On June 1, SanDisk rose 3.13% in pre-market trading, trading at $1,747.14/share, with trading volume of approximately $64.34 million.
On the news front, multiple Wall Street firms have significantly raised their price targets on SanDisk. Barclays analyst Tom O'Malley lifted his target from $1,200 to $2,300 and upgraded his rating from Neutral to Overweight. Citi raised its target to $2,025, while Mizuho increased its target to $1,825. Barclays noted the memory sector is entering a new phase driven by long-term contracts, supply tightening, and unprecedented pricing visibility, with supply-demand imbalances potentially persisting through 2027. The firm views SanDisk as one of the biggest beneficiaries of this industry transformation.

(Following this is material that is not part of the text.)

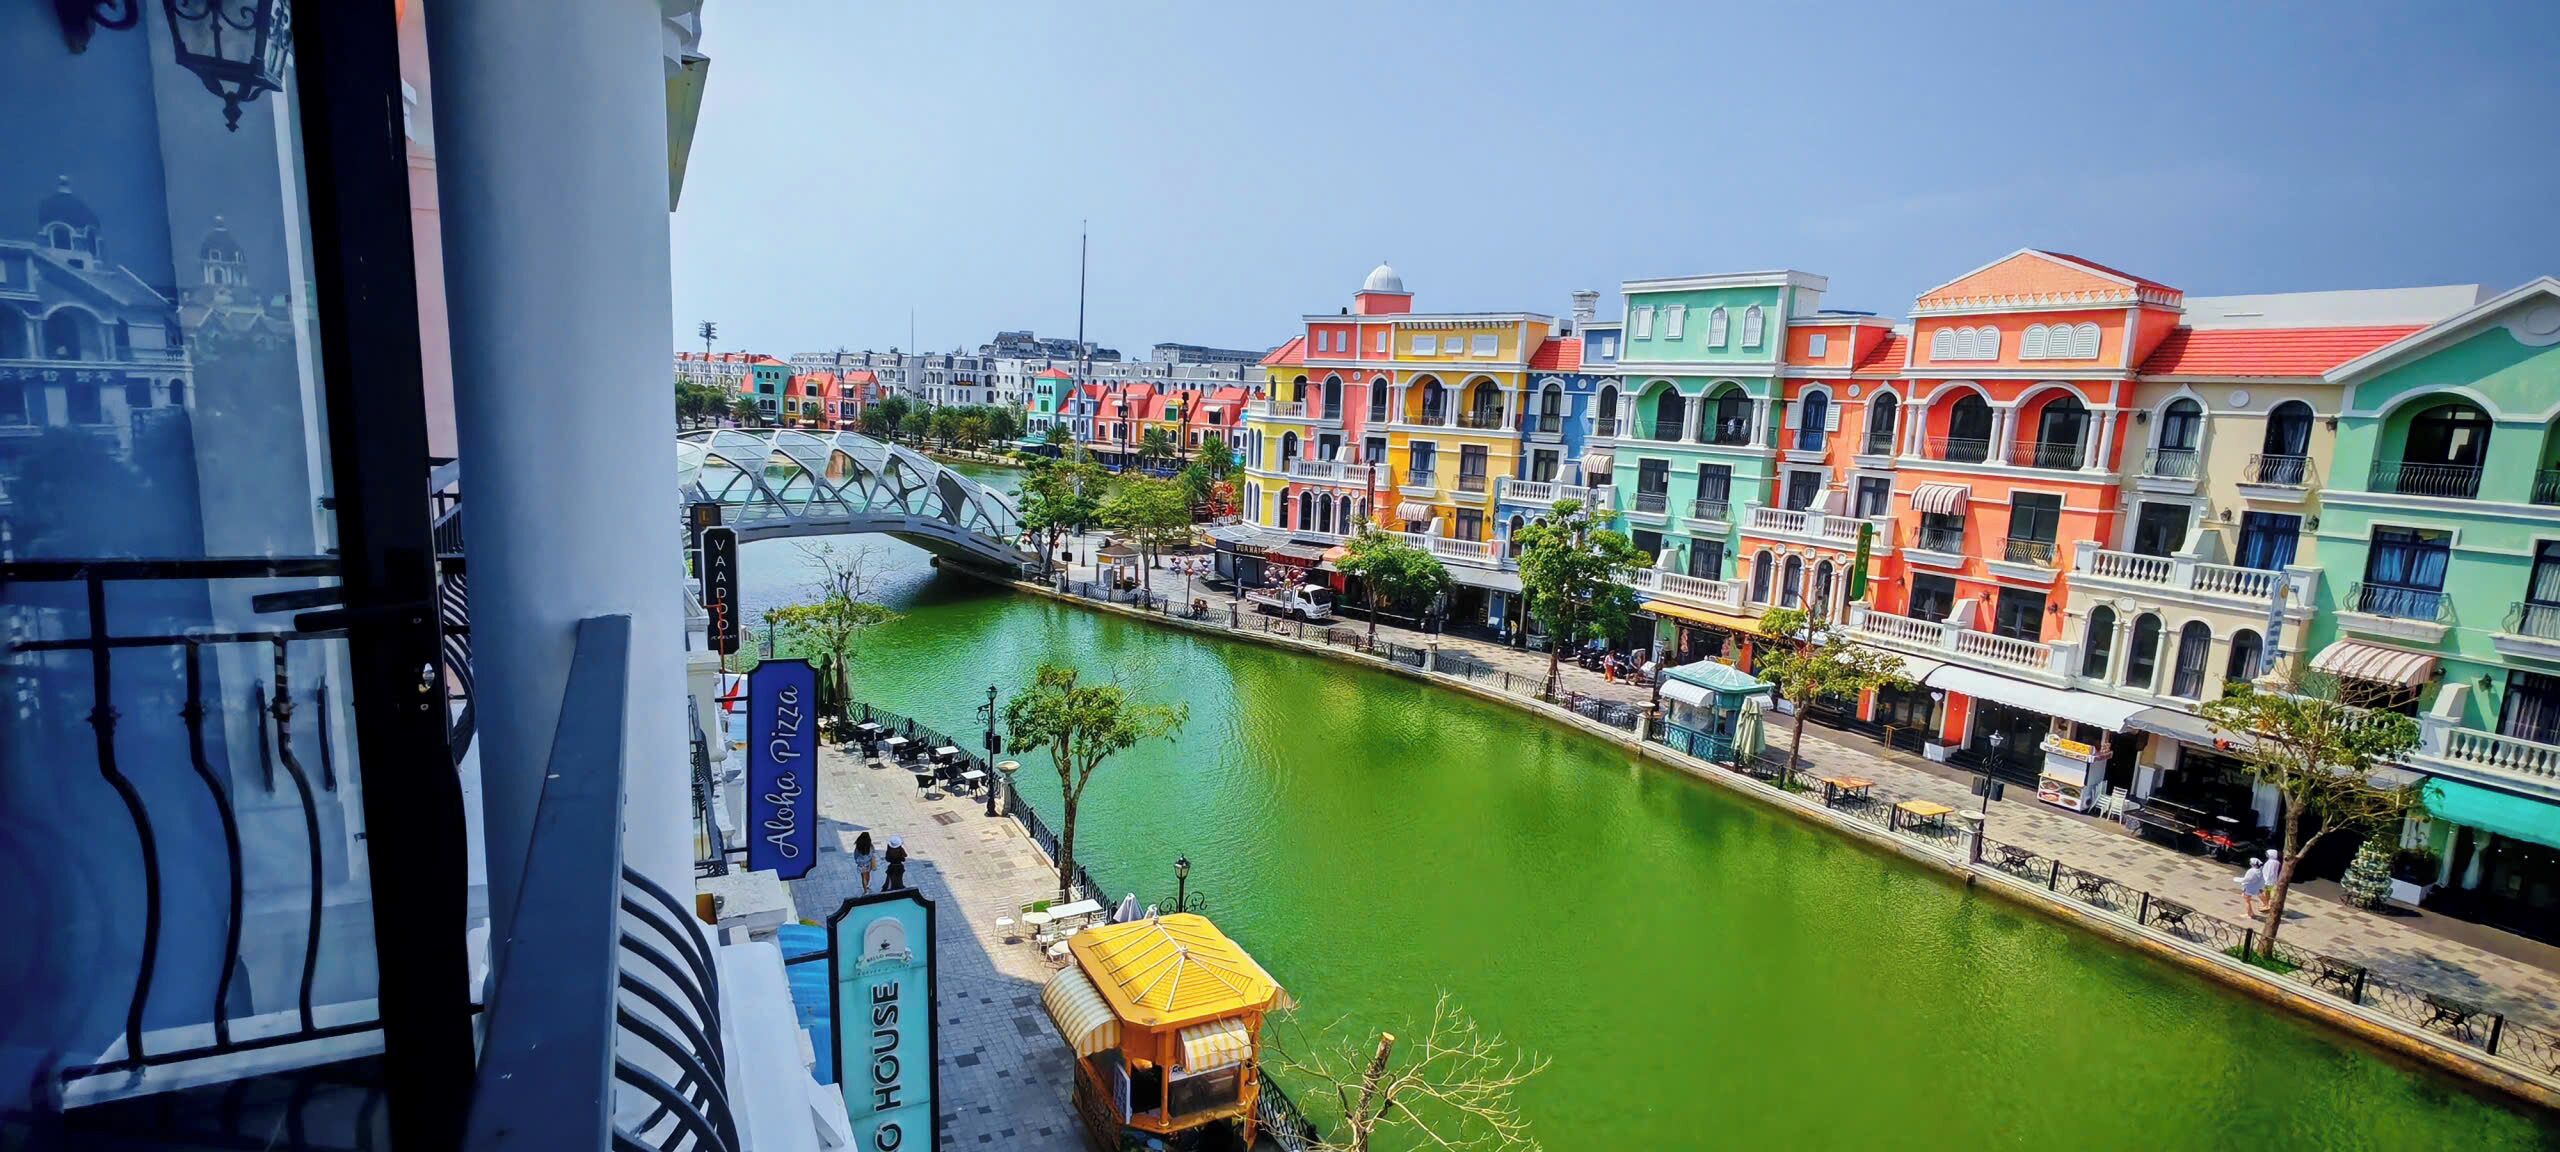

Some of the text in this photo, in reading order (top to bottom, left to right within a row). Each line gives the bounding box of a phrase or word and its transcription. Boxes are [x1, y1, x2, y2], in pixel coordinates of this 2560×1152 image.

[714, 539, 729, 631] VAADOO
[764, 685, 803, 859] Aloha Pizza
[871, 980, 902, 1113] HOUSE

Adding to the momentum, SanDisk CTO Alper Ilkbahar stated that the global AI race is increasingly centered on memory rather than compute power, a trend likely to exacerbate unprecedented chip supply shortages. The company is developing high-bandwidth flash (HBF) technology, with memory dies expected to sample by year-end and full products launching next year. HBF offers significantly higher capacity and density than HBM while maintaining comparable bandwidth, positioning it well for future AI inference workloads.
(The above content is based on publicly available market information, generated by a program or algorithm, and is intended solely as a stock movement alert. It does not constitute investment advice or a basis for trading decisions.)